*Exercise requirements*
Each entry below must be written out exactly, with pictures left out.
+--
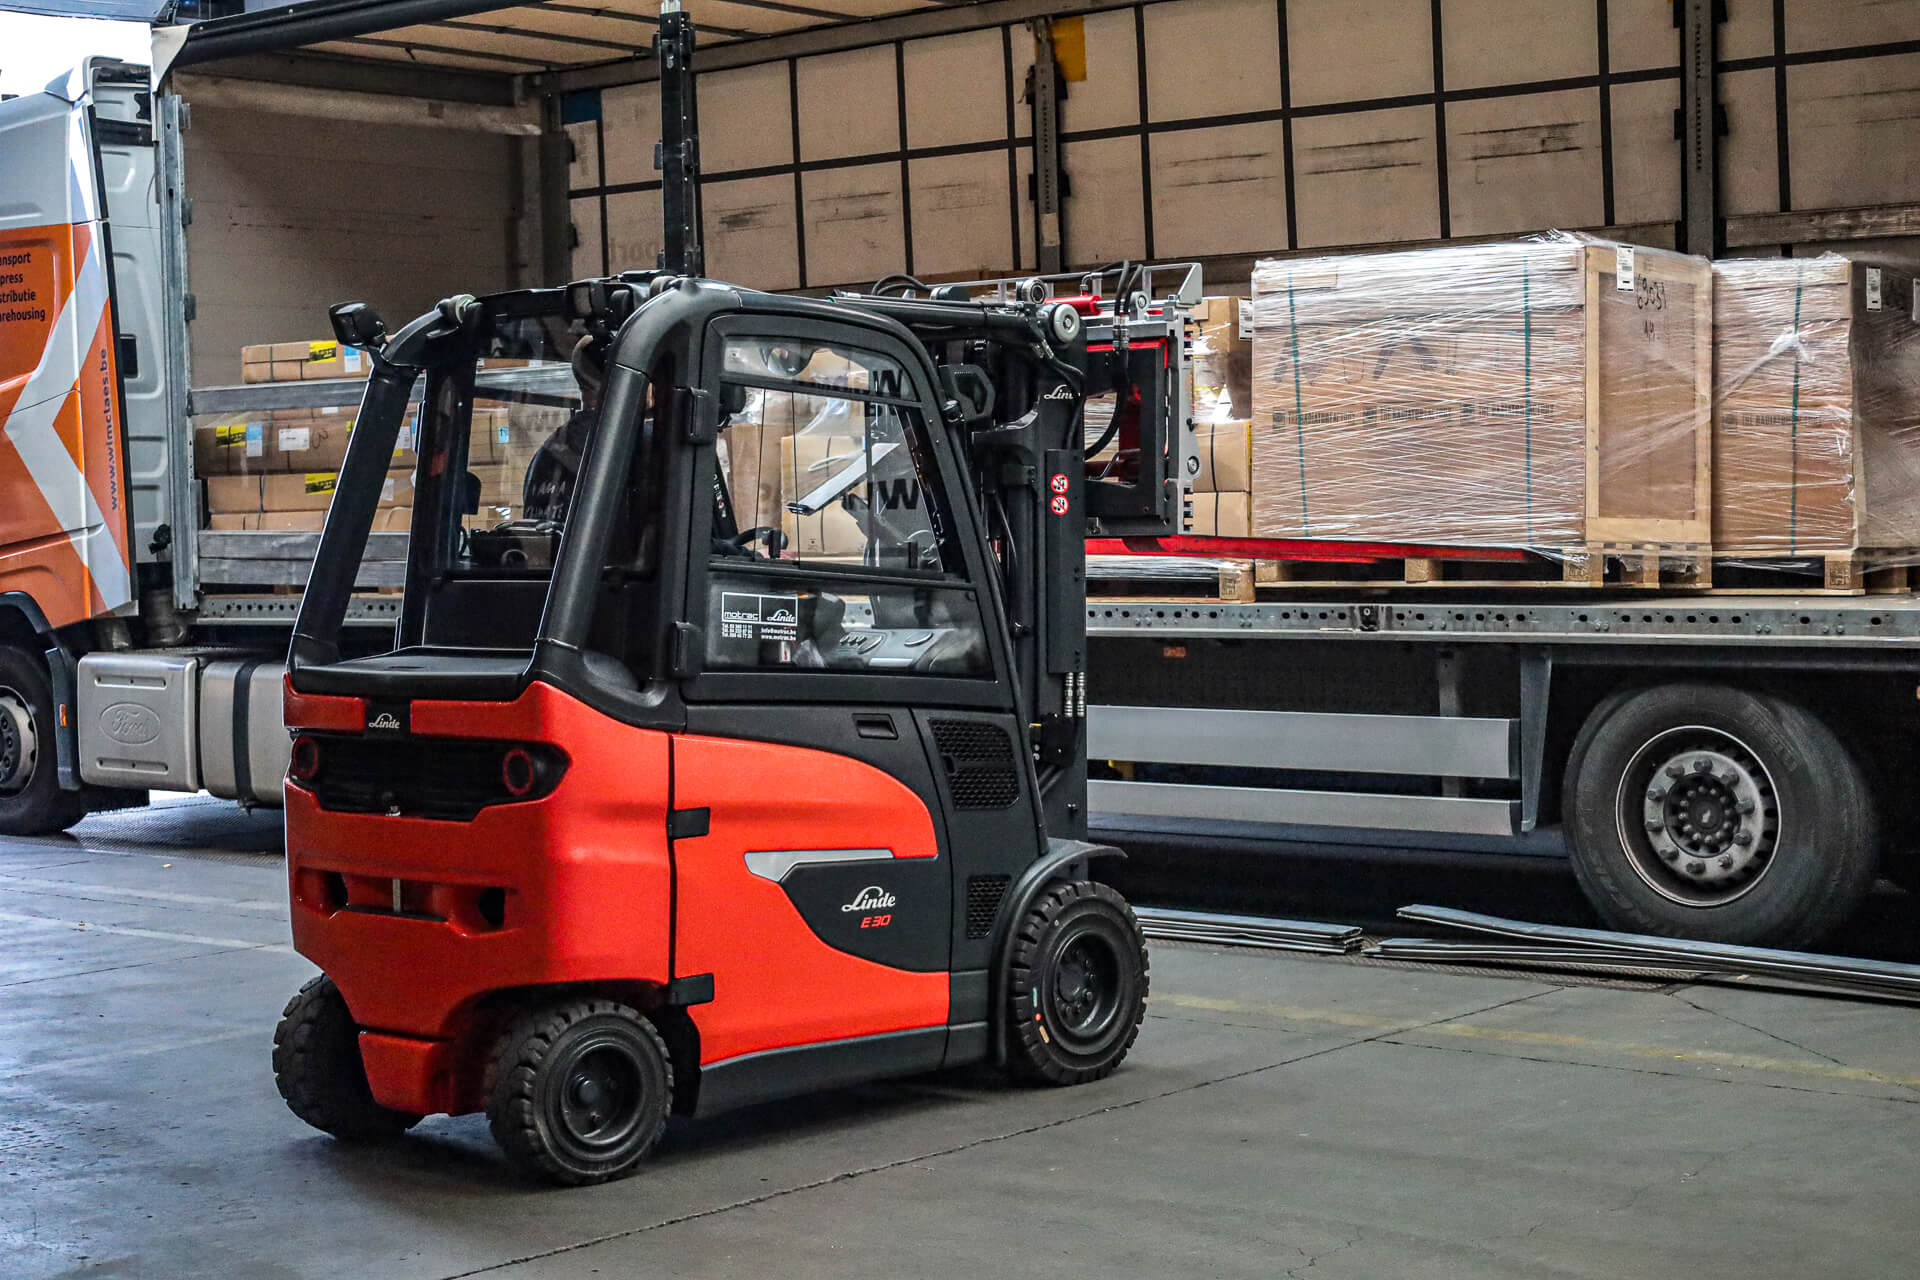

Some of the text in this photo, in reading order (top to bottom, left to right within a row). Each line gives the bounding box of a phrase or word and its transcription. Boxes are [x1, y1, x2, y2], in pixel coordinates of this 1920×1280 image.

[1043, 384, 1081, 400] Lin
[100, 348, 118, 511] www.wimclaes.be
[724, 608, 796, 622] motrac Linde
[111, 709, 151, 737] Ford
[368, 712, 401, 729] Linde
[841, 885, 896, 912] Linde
+--
*Exercise result*
Some of the text in this photo, in reading order (top to bottom, left to right within a row). Each line gives the bounding box of a phrase or word and its transcription. Boxes are [x1, y1, x2, y2], in pixel coordinates of this 1920×1280 image.

[1043, 384, 1081, 400] Lin
[100, 348, 118, 511] www.wimclaes.be
[724, 608, 796, 622] motrac Linde
[111, 709, 151, 737] Ford
[368, 712, 401, 729] Linde
[841, 885, 896, 912] Linde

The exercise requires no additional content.